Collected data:
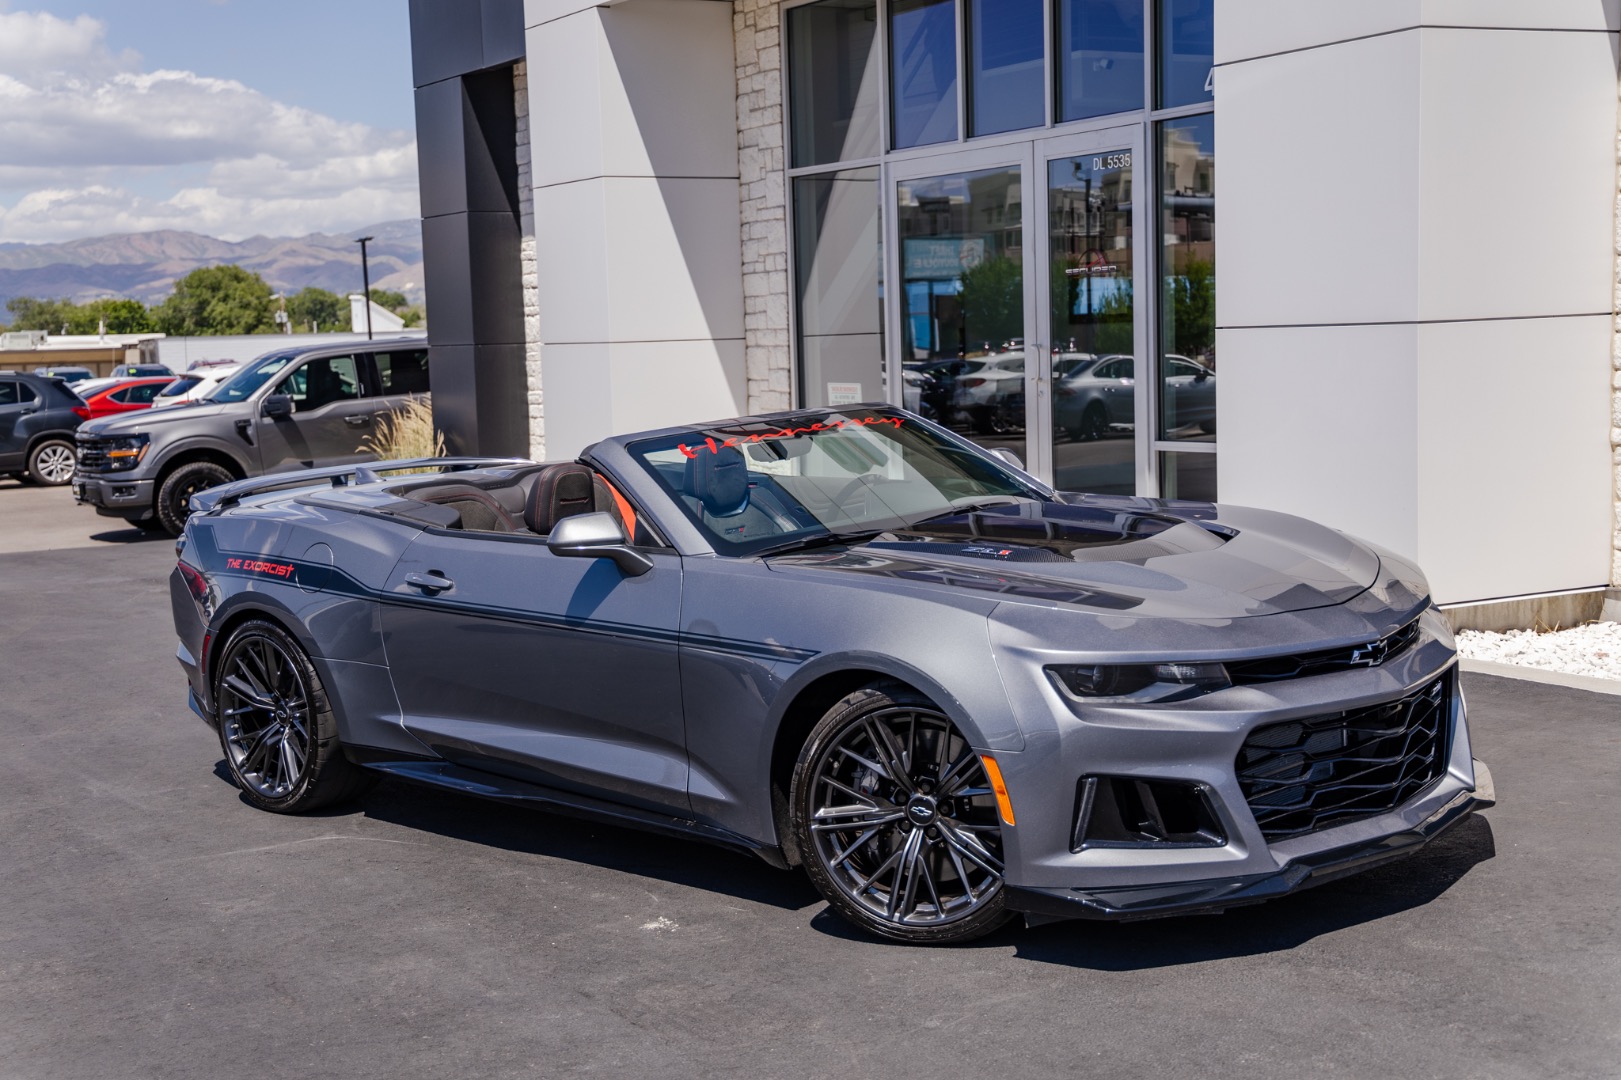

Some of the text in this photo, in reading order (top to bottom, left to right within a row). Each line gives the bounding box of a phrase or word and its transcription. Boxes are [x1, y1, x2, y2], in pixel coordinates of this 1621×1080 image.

[1093, 153, 1131, 171] DL 5535
[678, 416, 904, 459] Hennessey
[226, 558, 295, 579] THE EXORCIST
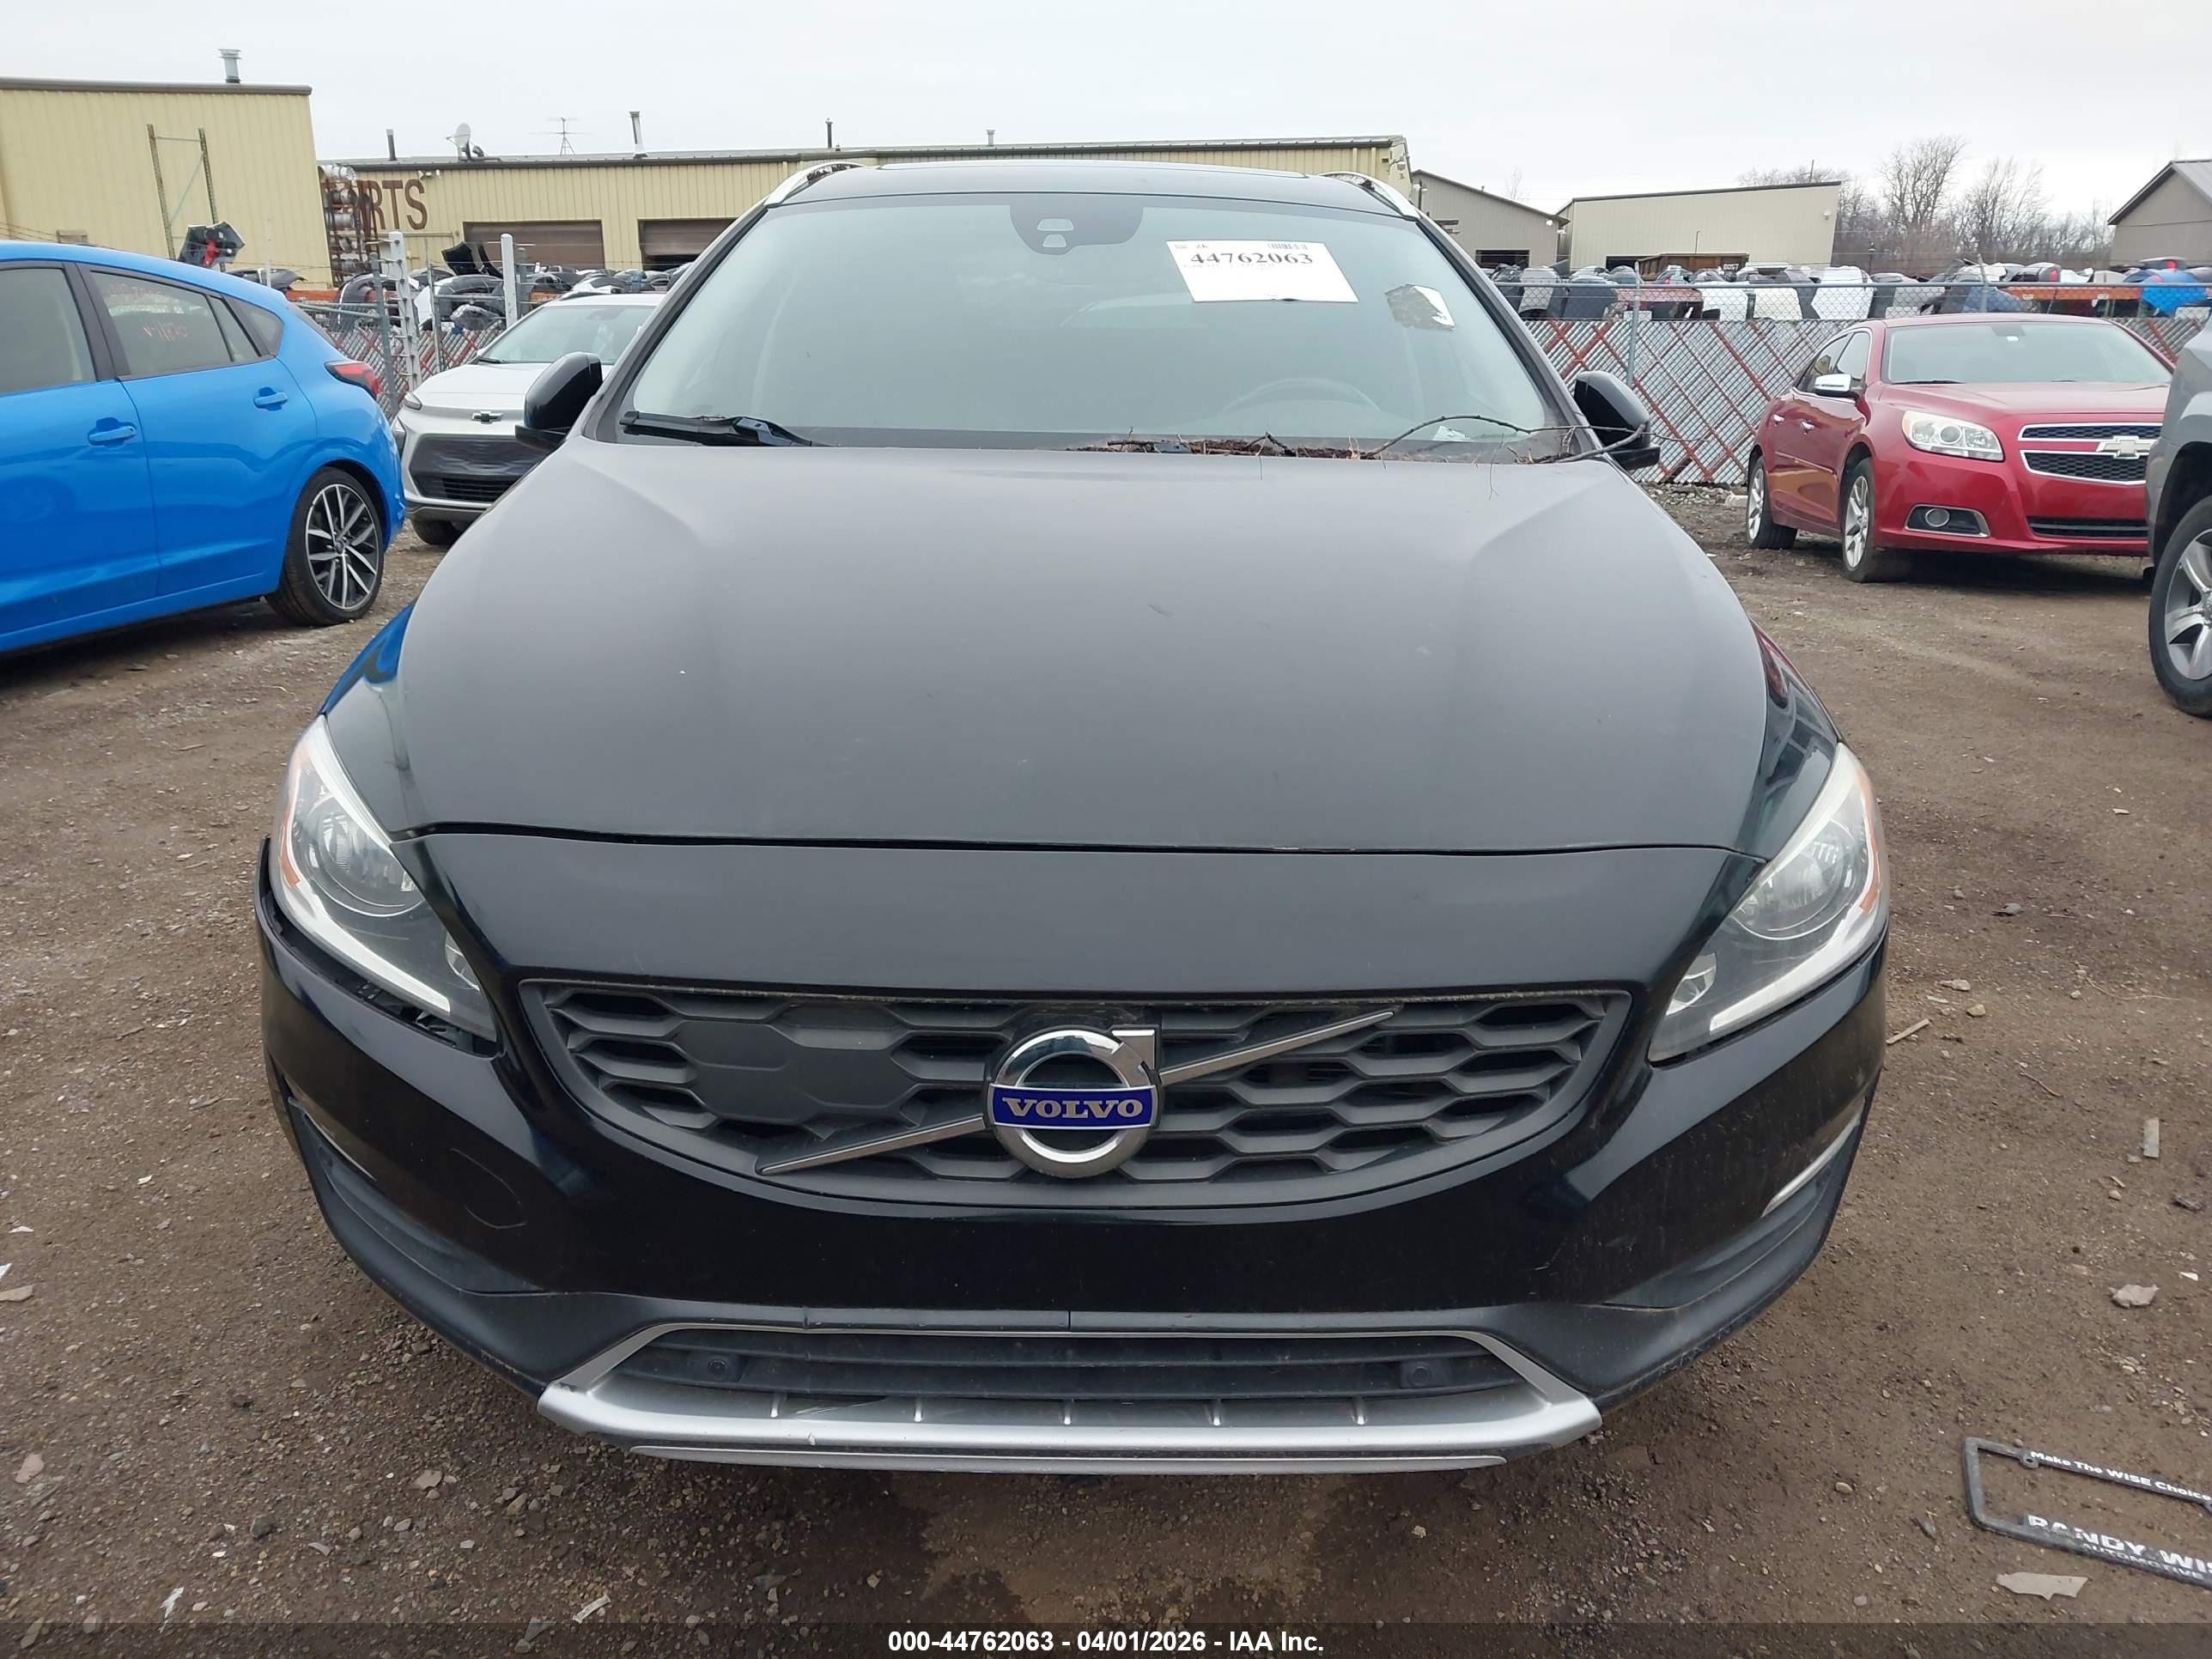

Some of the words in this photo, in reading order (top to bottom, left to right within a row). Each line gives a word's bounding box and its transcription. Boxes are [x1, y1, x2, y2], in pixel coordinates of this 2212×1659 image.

[1190, 252, 1313, 264] 44762063
[1002, 1097, 1144, 1119] VOLVO
[2030, 1451, 2071, 1466] Make
[2074, 1461, 2103, 1474] The
[2106, 1468, 2152, 1486] WISE
[2154, 1482, 2212, 1501] Choice
[2082, 1543, 2204, 1580] AUTOMOTIVE
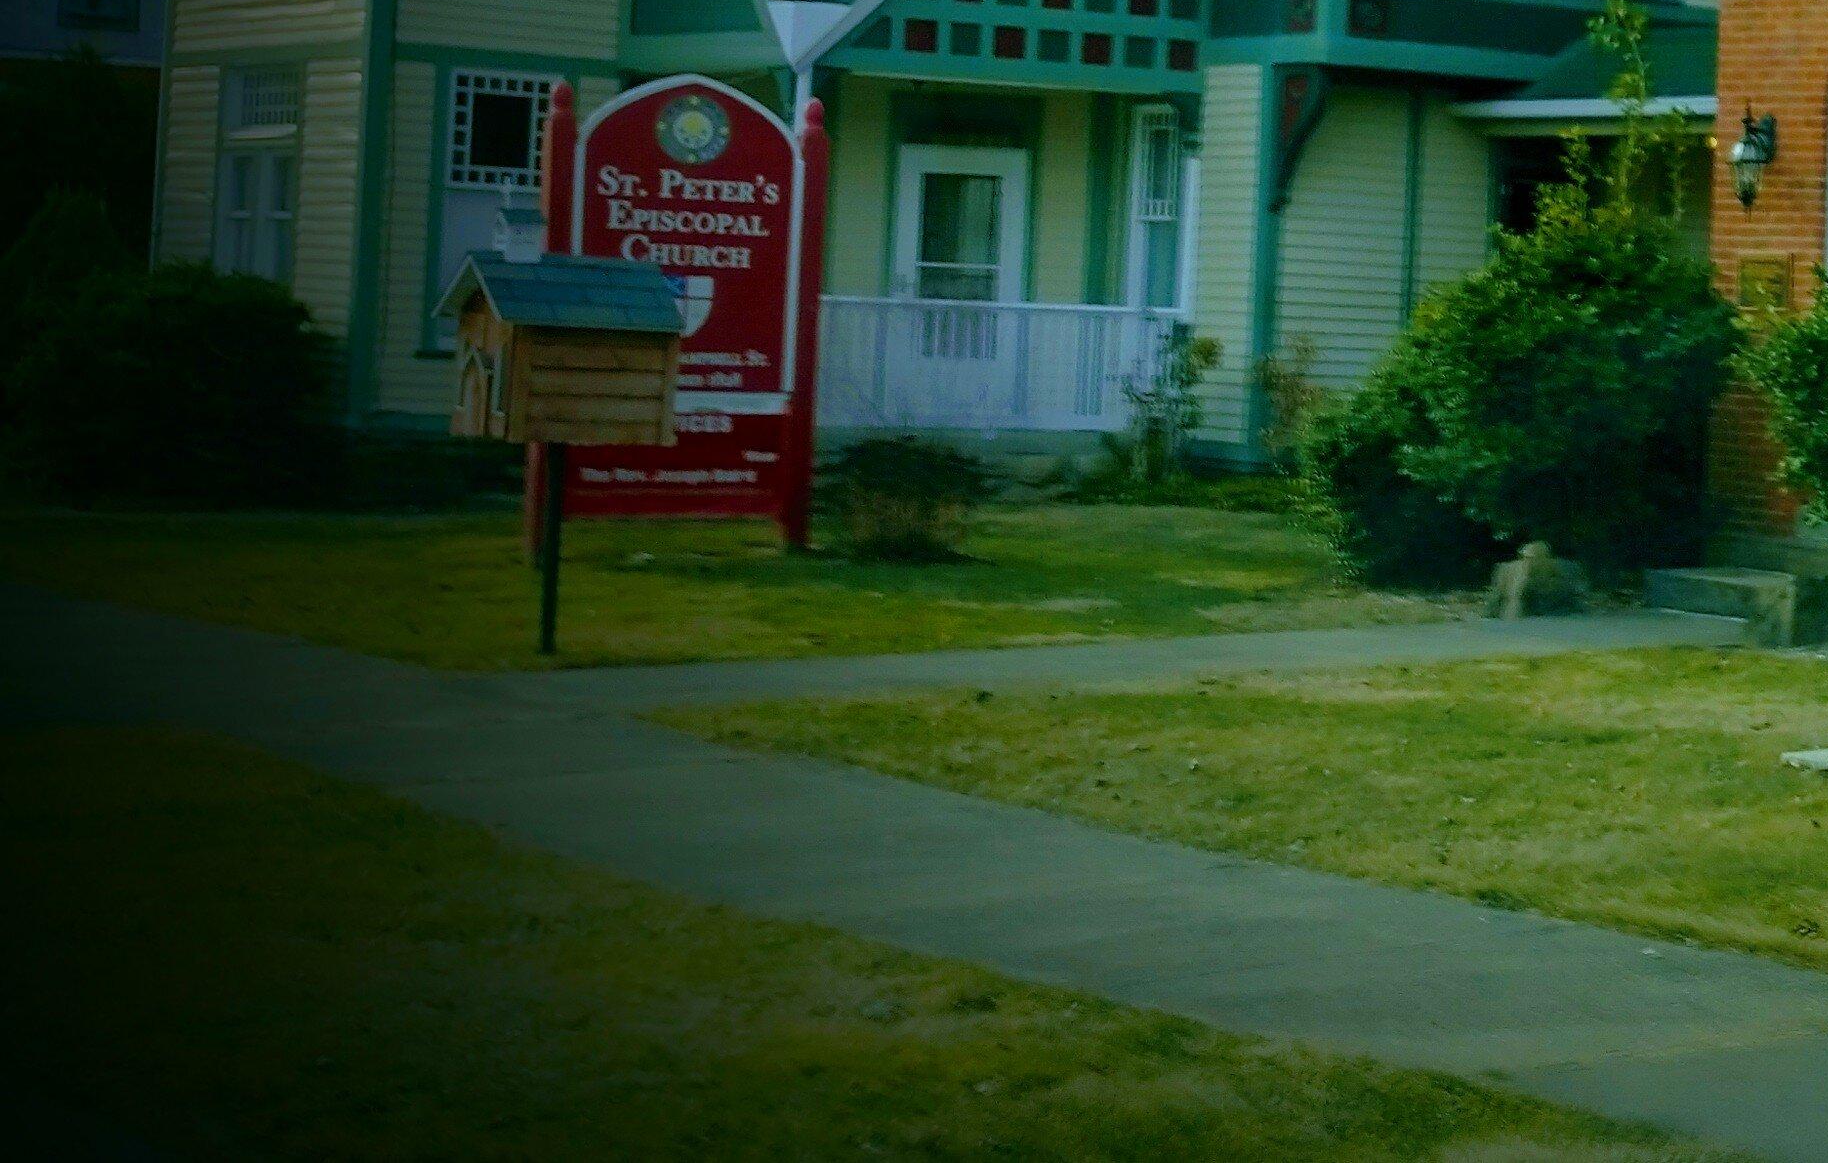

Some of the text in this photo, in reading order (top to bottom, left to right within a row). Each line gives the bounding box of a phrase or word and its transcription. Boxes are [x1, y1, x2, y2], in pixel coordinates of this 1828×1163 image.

_What to work on_
Only the lines from the line with "Some of the words" to the end of the records should be repeated, exactly and without pictures.

_The completed task_
Some of the words in this photo, in reading order (top to bottom, left to right within a row). Each line gives a word's bounding box and its transcription. Boxes are [x1, y1, x2, y2], in pixel coordinates of this 2212×1659 image.

[1190, 252, 1313, 264] 44762063
[1002, 1097, 1144, 1119] VOLVO
[2030, 1451, 2071, 1466] Make
[2074, 1461, 2103, 1474] The
[2106, 1468, 2152, 1486] WISE
[2154, 1482, 2212, 1501] Choice
[2082, 1543, 2204, 1580] AUTOMOTIVE

Some of the text in this photo, in reading order (top to bottom, left to right within a row). Each line gives the bounding box of a phrase or word and its transcription. Boxes are [x1, y1, x2, y2], in pixel coordinates of this 1828×1163 image.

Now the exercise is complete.